Oakland invited Davidson to spring training as a non-roster player in 2020, but he did not play a minor league game due to the cancellation of the season because of the COVID-19 pandemic. He was assigned to the Midland RockHounds of the Double-A Central in 2021, slashing .212/.307/.313 with seven home runs and 48 RBI over 119 games. After the 2021 regular season, he earned a spot playing for the Mesa Solar Sox in the Arizona Fall League.

The Athletics invited Davidson to spring training as a non-roster player in 2022. He returned to Midland for the 2022 season, playing in 111 games and hitting .252/.337/.406 with 14 home runs, 56 RBI, and four stolen bases. The Athletics also invited Davidson to spring training as a non-roster player in 2023. He was assigned to the Las Vegas Aviators of the Triple-A Pacific Coast League during the regular season, splitting time between them and Midland; in 109 total games, he batted .279/.355/.426 with 10 home runs, 59 RBI, and six stolen bases.

Davidson split the 2024 season between Triple-A Las Vegas and the rookie-level Arizona Complex League Athletics. In 90 appearances for the two affiliates, he slashed .303/.373/.543 with 15 home runs, 54 RBI, and seven stolen bases.

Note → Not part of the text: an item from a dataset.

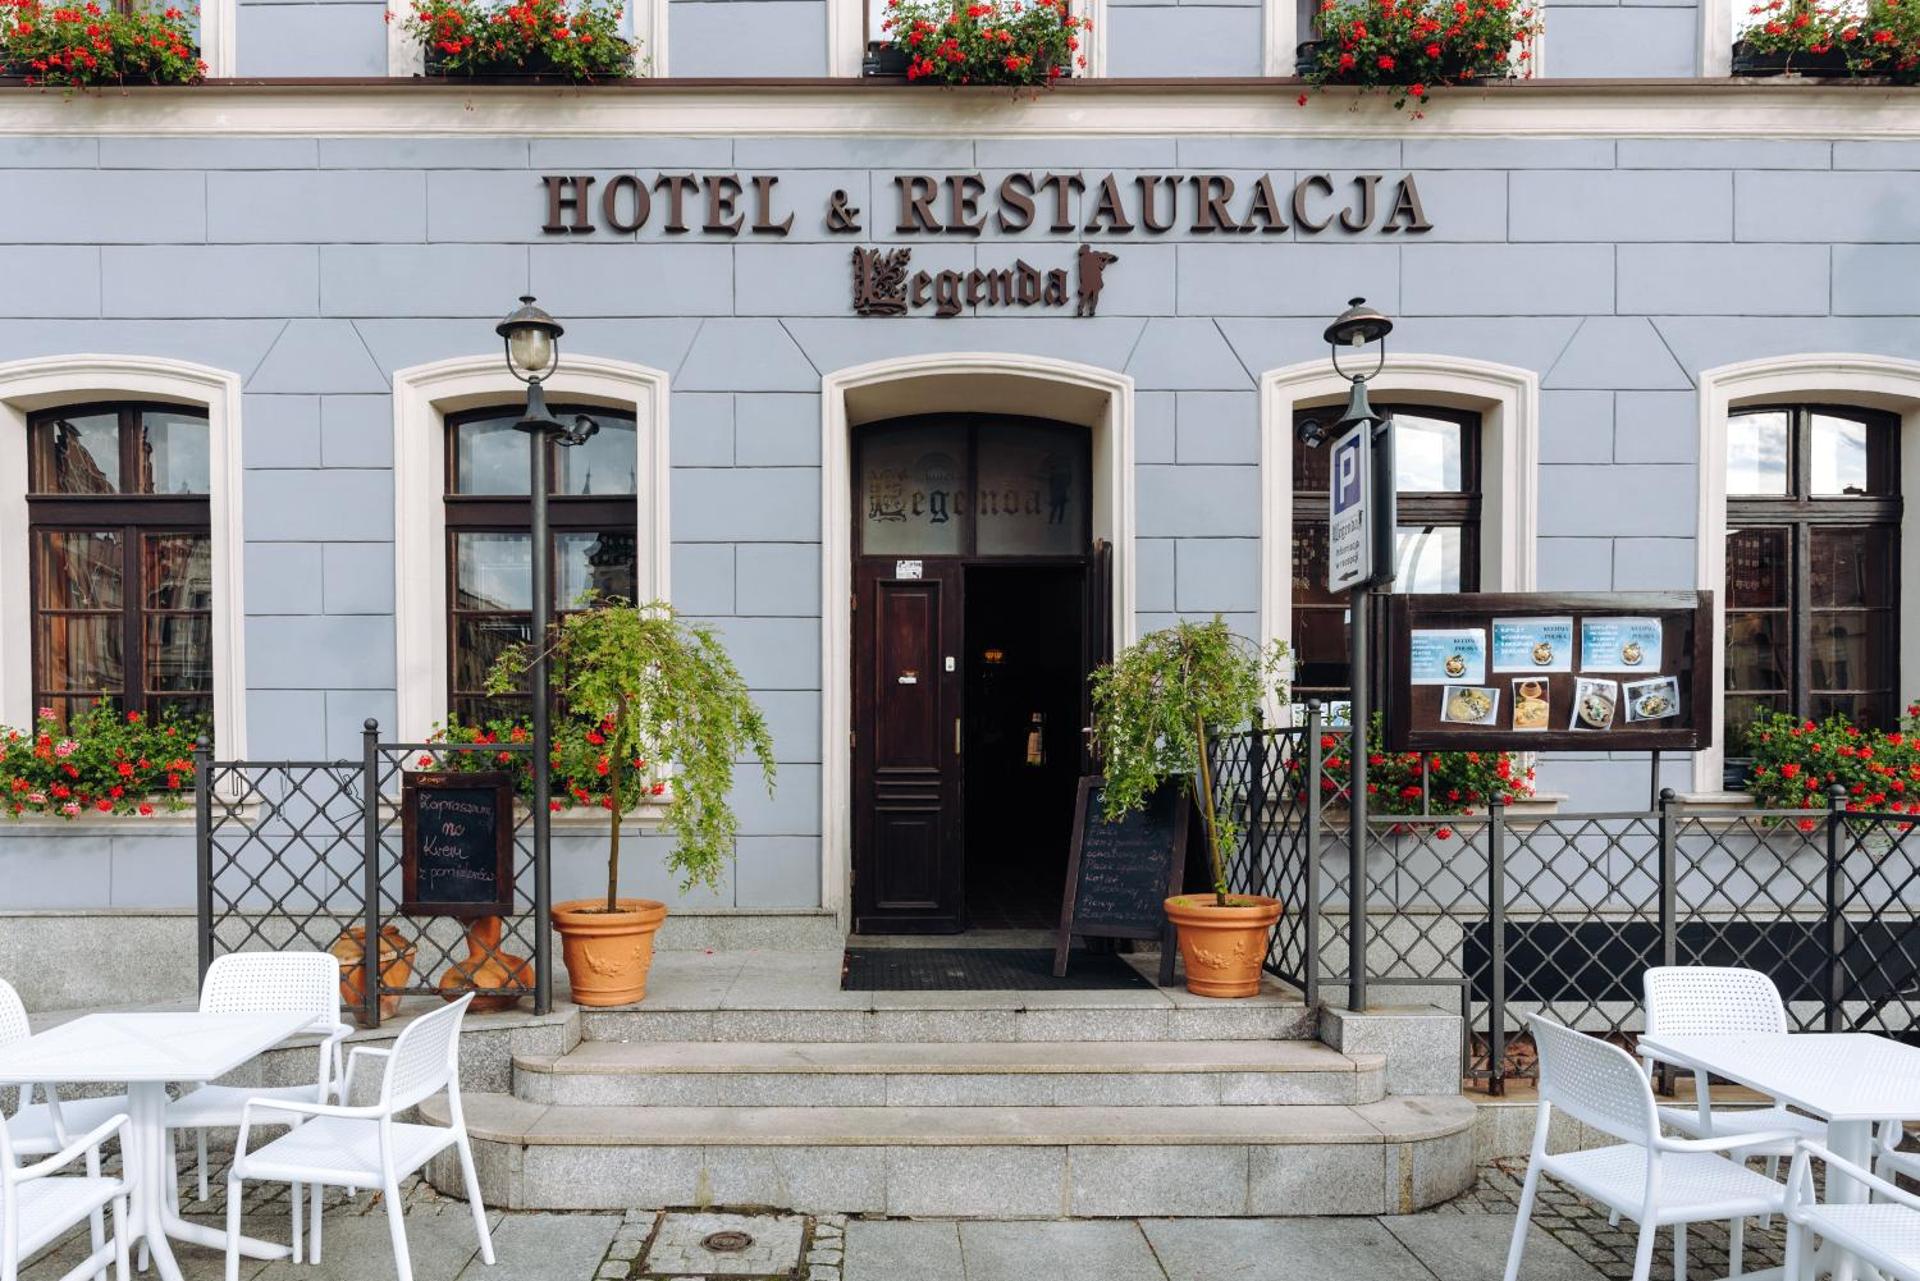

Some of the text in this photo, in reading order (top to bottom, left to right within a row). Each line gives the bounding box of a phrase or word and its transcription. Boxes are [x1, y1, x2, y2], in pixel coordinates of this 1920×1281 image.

[542, 171, 1435, 237] HOTEL & RESTAURACJA
[853, 245, 1071, 318] Legenda
[1340, 446, 1355, 504] P

Davidson began the 2025 campaign with Triple-A Las Vegas, playing in 41 contests and hitting .303/.452/.428 with two home runs, 22 RBI, and seven stolen bases. On May 23, 2025, Davidson was selected to the 40-man roster and promoted to the major leagues for the first time. In nine appearances for the Athletics, he went 3-for-20 (.150) with two RBI and three walks. Davidson was designated for assignment following the promotion of Ben Bowden on July 23.

===Houston Astros===
On July 25, 2025, Davidson was claimed off waivers by the Houston Astros. In 22 appearances for the Triple-A Sugar Land Space Cowboys, he batted .207/.290/.390 with three home runs and 11 RBI. Davidson was designated for assignment by the Astros on September 1.

===Los Angeles Angels===
On September 3, 2025, Davidson was claimed off waivers by the Los Angeles Angels. On September 11, Davidson hit his first career home run off of Bryce Miller of the Seattle Mariners. On September 13, Davidson recorded his first career strikeout as a pitcher, punching out Mariners infielder Eugenio Suárez. In 10 appearances for Los Angeles, he went 4-for-22 (.182) with one home run and two RBI. On October 22, Davidson was removed from the 40-man roster and sent outright to the Triple-A Salt Lake Bees. He elected free agency following the season on November 6.

===Tampa Bay Rays===
On December 9, 2025, Davidson signed a minor league contract with the Tampa Bay Rays.

==Personal life==
Davidson's father, Mark Davidson, played in MLB. His sister, Taylor, played tennis for Stanford University.